Secondly, take a look at the players who preceded McGwire in the game of baseball. In books and articles chronicling the game as far back as the 1950’s, former players have openly admitted to using substances which would now be considered steroids. Many of those players are in the Hall of Fame (Mickey Mantle, a known abuser of “greenies”–aka today’s ‘roids–may be the most notable). Many more Hall of Famers, I’m sure, have used steroids and simply not owned up to it. We can overlook the faults of these ex-greats because they played in an era in which media was limited to primetime television news and daily newspapers. Now, however, in an age where information is up-to-the-second and everyone (myself included) has an opinion on everything, we see a man like McGwire, who twenty years earlier would be a lock for the Hall, being scrutinized and torn down by individuals who want only to destroy his reputation and nothing more. He can’t provide them answers, so he becomes the enemy.
Amidst the constituency of the modern era, amongst his peers, McGwire was simply one of the guys when it came to using steroids (that is, if he used steroids…there’s always that doubt). So many players used steroids, that for us to assume the role of judge and jury and accuse these individuals of wrongdoing years after the fact is just wrong. We’re doing nothing more than forming opinions on people who, in reality, we know nothing about.

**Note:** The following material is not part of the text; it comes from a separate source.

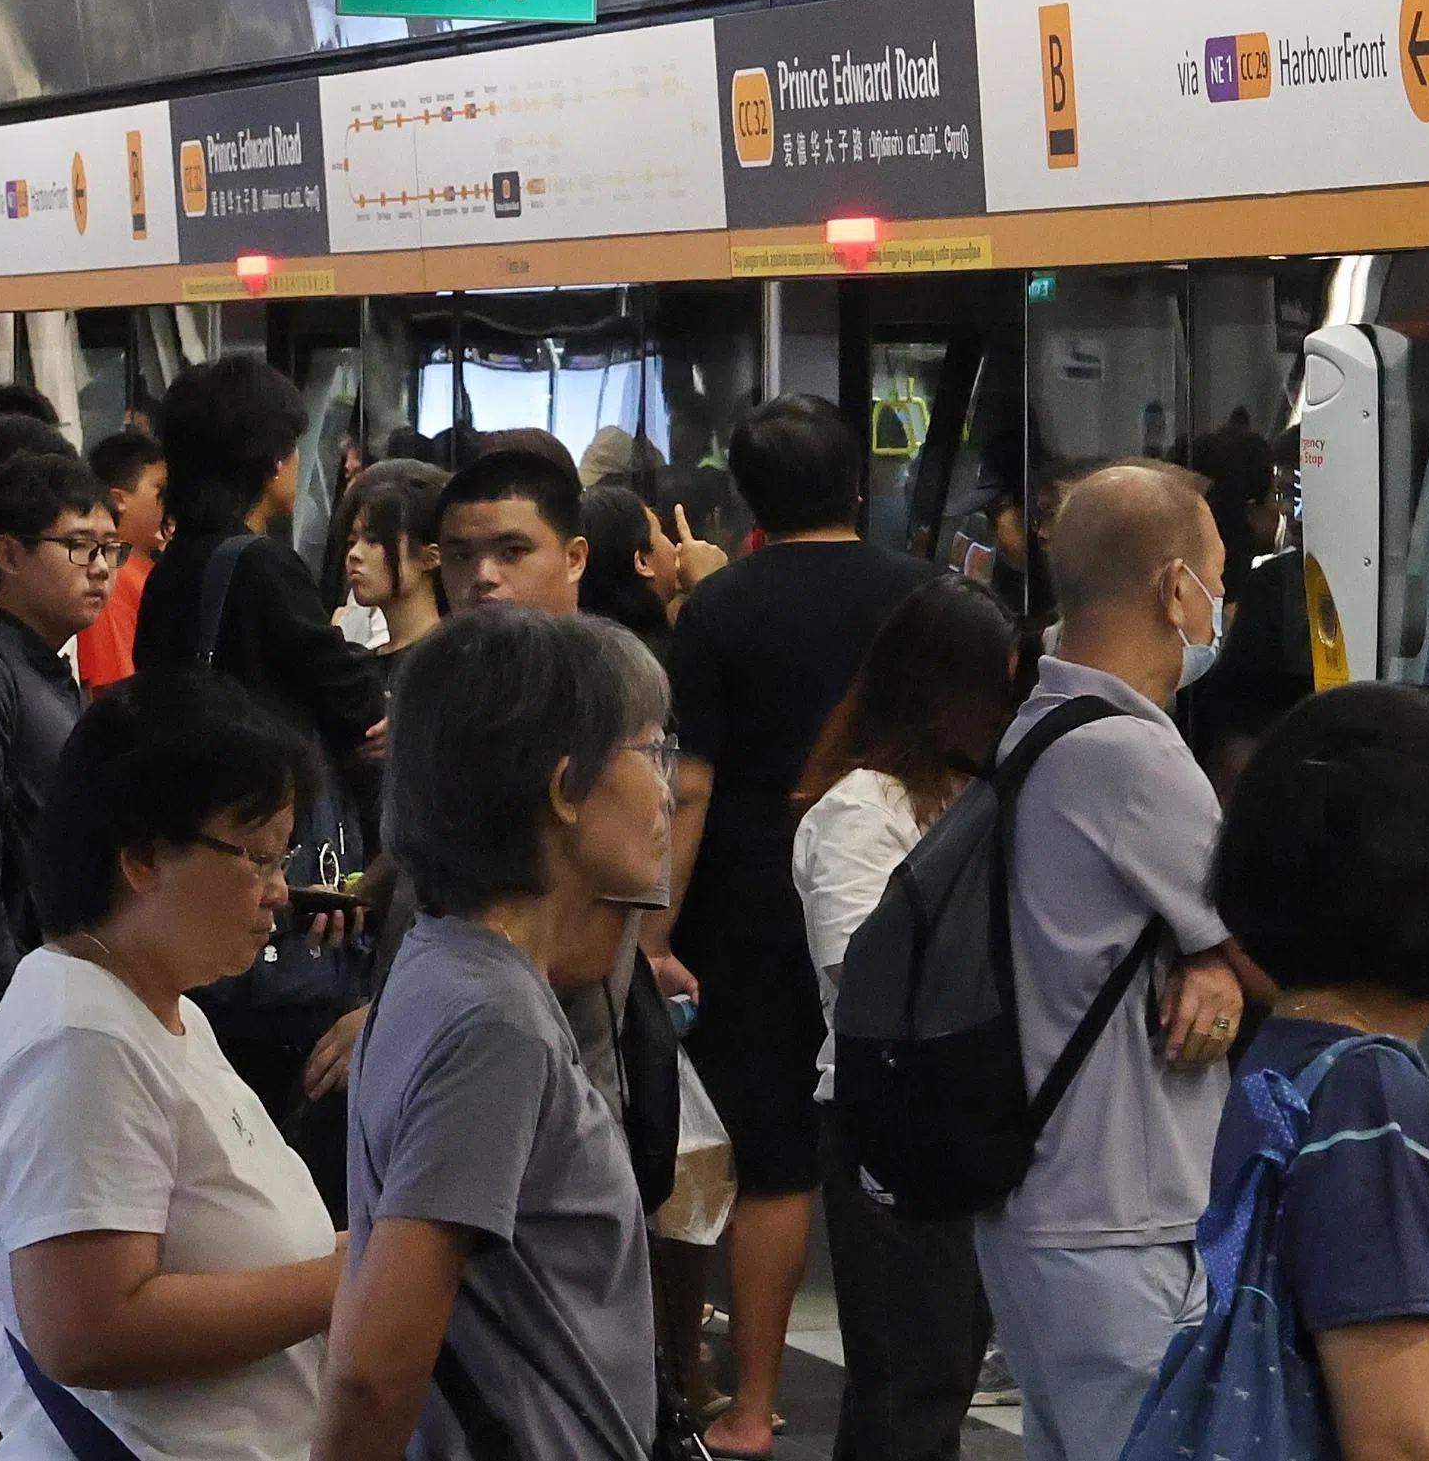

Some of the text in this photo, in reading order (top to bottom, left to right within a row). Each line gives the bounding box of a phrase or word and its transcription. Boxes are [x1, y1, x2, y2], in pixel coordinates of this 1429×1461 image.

The way I see it is, if players were a) allowed by the league to use steroids (which they were) b) encouraged to enhance their game by using steroids or any other means necessary (which they were) and c) provided with game-enhancing substances like steroids in order to achieve b), then why the hell not do it? When a female actress gets plastic surgery to prolong her acting career, the gavel does not come hammering down on her. When a golfer gets laser-eye surgery to cure his failing eyesight, we do not call him a cheater for seeking out a competitive advantage over his foes. When football players in our very NFL are convicted of steroid usage and sentenced to a four-game suspension for doing so, we simply turn a blind eye to their transgressions (ahem, Shawne Merriman). But when a baseball player, holiest of the holy, is even suspected of committing the same crime that guys like the Chargers Merriman have been convicted of, we can’t handle it. We break down, we start throwing accusatory haymakers, we tear apart whoever we can get our hands on. It’s a product of the media, it’s a product of our hypocritical society, and unfortunately for guys like Mark McGwire, it’s what will ultimately keep him, and others like him, from being immortalized the way they properly should. It’s a travesty, and it needs to be stopped.